I don’t have a routine method, but I think I try to find a visual form to communicate an issue I’m thinking about, trying not to mystify my message and to keep a little humor. I come from a technically painting education, but I’m mixing techniques and media depending on the topic. Right now I’m more into installation art and sculptural objects.
Which question or theme is central in your work?
I’ve always been interested in morbidity and abjection. I like collecting abject material and I’m intuitively attracted by muddy textures. I investigate the political dimension behind disgust that leads into discrimination against the “deviant”. The central theme in my work is exclusion, isolation and marginalization and I’m using an aesthetic of corporeality, decay and finitude.

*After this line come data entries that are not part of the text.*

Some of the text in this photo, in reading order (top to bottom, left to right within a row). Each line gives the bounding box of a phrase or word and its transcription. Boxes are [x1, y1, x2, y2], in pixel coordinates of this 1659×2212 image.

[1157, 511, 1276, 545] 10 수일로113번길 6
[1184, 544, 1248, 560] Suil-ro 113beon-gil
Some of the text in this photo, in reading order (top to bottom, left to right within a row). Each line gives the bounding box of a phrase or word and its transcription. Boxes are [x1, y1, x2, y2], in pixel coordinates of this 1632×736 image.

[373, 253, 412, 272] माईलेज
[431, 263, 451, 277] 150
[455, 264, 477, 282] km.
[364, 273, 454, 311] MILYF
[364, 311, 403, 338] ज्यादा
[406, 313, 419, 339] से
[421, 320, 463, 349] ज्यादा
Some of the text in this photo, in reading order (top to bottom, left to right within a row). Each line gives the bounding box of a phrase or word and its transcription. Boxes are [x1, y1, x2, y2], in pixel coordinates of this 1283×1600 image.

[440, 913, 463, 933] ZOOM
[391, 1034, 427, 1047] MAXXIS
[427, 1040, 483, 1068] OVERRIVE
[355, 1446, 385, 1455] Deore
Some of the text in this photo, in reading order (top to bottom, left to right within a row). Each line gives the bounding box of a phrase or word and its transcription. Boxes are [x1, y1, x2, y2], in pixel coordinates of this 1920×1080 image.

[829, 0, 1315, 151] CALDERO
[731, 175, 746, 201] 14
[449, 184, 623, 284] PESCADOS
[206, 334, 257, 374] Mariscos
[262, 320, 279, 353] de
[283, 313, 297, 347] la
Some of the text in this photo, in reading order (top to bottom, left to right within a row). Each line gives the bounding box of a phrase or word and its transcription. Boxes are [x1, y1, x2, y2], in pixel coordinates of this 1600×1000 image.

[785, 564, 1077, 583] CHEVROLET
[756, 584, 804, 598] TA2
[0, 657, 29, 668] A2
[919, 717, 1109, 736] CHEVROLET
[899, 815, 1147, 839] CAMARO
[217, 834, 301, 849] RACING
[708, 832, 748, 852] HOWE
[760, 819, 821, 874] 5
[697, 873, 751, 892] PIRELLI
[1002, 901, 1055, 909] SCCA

What was your first experience with art?
I never really understood what art is. My surrounding as a kid was not that close to art, so I thought it was more like a character trait. I thought being sensitive and chaotic has something to do with art. And being good in drawing horses for example. I don’t remember any key moment that gave me an idea of art. Until now I experience art as something untouchable and exclusive somehow.
What is your greatest source of inspiration?
The feeling of indignation, anger and also vulnerability gives me inspiration. When I try to explain a position and I feel misunderstood I can’t stop thinking about it. I guess compulsive analyzing inspires me. Inspiration for me is not that much of a nice light feeling or aesthetic input that comes to me and gives me creativity, it’s more like an issue I think about trying to solve or at least giving space to get visible. But taking a bath is a good way for me to give my thoughts space. Or waiting… when I missed a train for example.
What do you need in order to create your work?
A little money, a little pressure and less fear.
What work or artist has most recently surprised you?
I haven’t been to any exhibition for a long time. I’m mostly sliding through Instagram to watch photos of art. “Surprised” is maybe not the right word, but recently I’ve been touched by the poems of Jesse Darling. And also by the works of my friend Nora Lube, which strengthen my feminist perspectives.